In the past two years, Hong Kong has been hit by the trade war between the US and China, the anti-amendment storm and the COVID-19 pandemic. As the economy has been in deep recession and the number of unemployed people has surged, the government has poured hundreds of billions of dollars into measures that ''support the economy and maintain employment'', so the public finance situation is also facing serious challenges. Government deficits in the year 2020/21 reached a record high of $257.6 billion, and the deficit in the new year is estimated to be as high as $100 billion. The government cannot sit back and do nothing when people and businesses are having such a hard time. It must introduce counter-cyclical measures to support the economy and relief measures to help the public.
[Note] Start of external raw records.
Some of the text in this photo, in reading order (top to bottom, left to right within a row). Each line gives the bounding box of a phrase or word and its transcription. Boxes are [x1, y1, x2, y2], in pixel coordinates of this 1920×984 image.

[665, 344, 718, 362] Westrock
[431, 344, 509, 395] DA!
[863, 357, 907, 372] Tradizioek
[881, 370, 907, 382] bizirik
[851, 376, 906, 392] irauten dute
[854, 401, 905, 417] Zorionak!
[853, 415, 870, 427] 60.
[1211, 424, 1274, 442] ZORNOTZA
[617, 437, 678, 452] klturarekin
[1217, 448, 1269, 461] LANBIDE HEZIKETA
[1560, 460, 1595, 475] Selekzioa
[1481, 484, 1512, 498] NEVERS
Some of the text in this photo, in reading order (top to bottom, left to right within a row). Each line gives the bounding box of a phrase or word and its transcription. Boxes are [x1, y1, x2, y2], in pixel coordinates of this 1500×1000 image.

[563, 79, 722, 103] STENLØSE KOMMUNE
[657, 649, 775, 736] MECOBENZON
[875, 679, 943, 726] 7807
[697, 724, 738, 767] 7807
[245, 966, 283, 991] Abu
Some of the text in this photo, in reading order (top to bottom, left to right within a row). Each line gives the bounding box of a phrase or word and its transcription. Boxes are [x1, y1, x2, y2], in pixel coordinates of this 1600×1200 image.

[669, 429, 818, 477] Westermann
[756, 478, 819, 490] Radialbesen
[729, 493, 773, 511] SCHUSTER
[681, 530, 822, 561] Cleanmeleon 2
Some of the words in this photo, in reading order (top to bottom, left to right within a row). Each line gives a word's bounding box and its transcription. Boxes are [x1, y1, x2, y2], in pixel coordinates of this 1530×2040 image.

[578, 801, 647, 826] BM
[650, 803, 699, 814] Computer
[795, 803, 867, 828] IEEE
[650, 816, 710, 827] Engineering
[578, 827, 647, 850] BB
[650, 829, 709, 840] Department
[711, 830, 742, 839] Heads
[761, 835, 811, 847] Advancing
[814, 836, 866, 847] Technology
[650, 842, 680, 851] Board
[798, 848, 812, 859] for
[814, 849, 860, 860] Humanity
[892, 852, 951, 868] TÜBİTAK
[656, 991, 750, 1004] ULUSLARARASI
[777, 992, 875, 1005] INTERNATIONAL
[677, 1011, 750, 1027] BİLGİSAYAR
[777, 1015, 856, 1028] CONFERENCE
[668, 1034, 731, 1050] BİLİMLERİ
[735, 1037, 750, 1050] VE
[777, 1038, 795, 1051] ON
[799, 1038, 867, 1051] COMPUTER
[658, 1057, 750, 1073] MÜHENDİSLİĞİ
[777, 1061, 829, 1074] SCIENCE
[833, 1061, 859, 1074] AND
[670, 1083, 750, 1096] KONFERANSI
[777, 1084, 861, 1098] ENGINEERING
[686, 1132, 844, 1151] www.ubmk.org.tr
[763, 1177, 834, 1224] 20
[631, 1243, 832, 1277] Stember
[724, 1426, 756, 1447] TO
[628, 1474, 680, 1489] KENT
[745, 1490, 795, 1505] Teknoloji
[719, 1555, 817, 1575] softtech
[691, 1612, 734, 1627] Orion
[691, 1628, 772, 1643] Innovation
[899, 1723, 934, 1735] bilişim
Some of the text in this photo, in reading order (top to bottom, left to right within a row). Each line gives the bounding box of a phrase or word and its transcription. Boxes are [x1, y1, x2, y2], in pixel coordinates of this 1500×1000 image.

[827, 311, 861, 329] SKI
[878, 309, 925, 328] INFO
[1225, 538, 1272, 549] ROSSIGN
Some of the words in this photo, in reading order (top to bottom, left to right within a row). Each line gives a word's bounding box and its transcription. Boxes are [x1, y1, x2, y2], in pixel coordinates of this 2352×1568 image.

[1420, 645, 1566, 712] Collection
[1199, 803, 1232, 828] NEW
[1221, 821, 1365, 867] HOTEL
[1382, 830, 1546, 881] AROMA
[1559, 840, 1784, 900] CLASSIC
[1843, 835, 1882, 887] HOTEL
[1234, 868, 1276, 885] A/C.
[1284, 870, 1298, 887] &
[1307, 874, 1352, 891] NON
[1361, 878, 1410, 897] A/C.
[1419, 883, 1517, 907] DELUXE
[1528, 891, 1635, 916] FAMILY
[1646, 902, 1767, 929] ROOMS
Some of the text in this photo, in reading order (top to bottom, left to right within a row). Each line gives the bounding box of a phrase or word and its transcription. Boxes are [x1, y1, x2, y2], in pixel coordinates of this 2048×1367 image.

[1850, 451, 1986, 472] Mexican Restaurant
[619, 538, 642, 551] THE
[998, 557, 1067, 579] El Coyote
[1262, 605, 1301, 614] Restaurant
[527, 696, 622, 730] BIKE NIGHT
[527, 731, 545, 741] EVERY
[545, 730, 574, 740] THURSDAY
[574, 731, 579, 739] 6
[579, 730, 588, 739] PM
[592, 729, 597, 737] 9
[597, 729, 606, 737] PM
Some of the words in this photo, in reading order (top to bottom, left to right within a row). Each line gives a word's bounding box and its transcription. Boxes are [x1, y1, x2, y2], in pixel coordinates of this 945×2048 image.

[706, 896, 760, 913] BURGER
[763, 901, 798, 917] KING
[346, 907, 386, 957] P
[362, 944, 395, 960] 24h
However, the government also has to manage the public finances prudently to cope with the huge deficit pressure.
While the public is concerned about the immediate relief measures, the government must look farther ahead and focus on the long-term sustainability of public finances. Hong Kong's ageing population has led to a significant increase in social welfare and health care spending over the past decade. In order to invest in the future, investment in education and scientific research is also essential. Hong Kong's tax base is narrow and overly dependent on revenue from land sales and others. For many years, there have been calls to broaden the tax base, and various proposals have even been put forward. But dipping into the public purse is always a political challenge. When the economy is good, there is ''no urgency'' to do so. When the economy is in recession, there is ''no room'' to do so, and as a result, the issue of broadening the tax base has been put on the shelf for a long time.
The government's proposal to raise the stamp duty on stock transfers from 0.1% to 0.13% and to significantly increase the first registration tax and vehicle licence fees for private cars—the first registration tax has remained unchanged for more than 10 years—has been described by some as a ''bold move''. However, its effect on supplementing government revenue is actually limited. In terms of cutting costs, the government's freezing of the manpower of the civil service and the requirement for departments to reduce recurrent expenditure by 1% are also a drop in the bucket. By ploughing back the housing reserve and the investment income of the future fund into the account, which will involve more than $40 billion a year, the government can make the fiscal deficit look smaller. However, this is only a ''financial manoeuvre'' to a certain extent, and can only help society find more time to forge a consensus on how to broaden the tax base in the long run.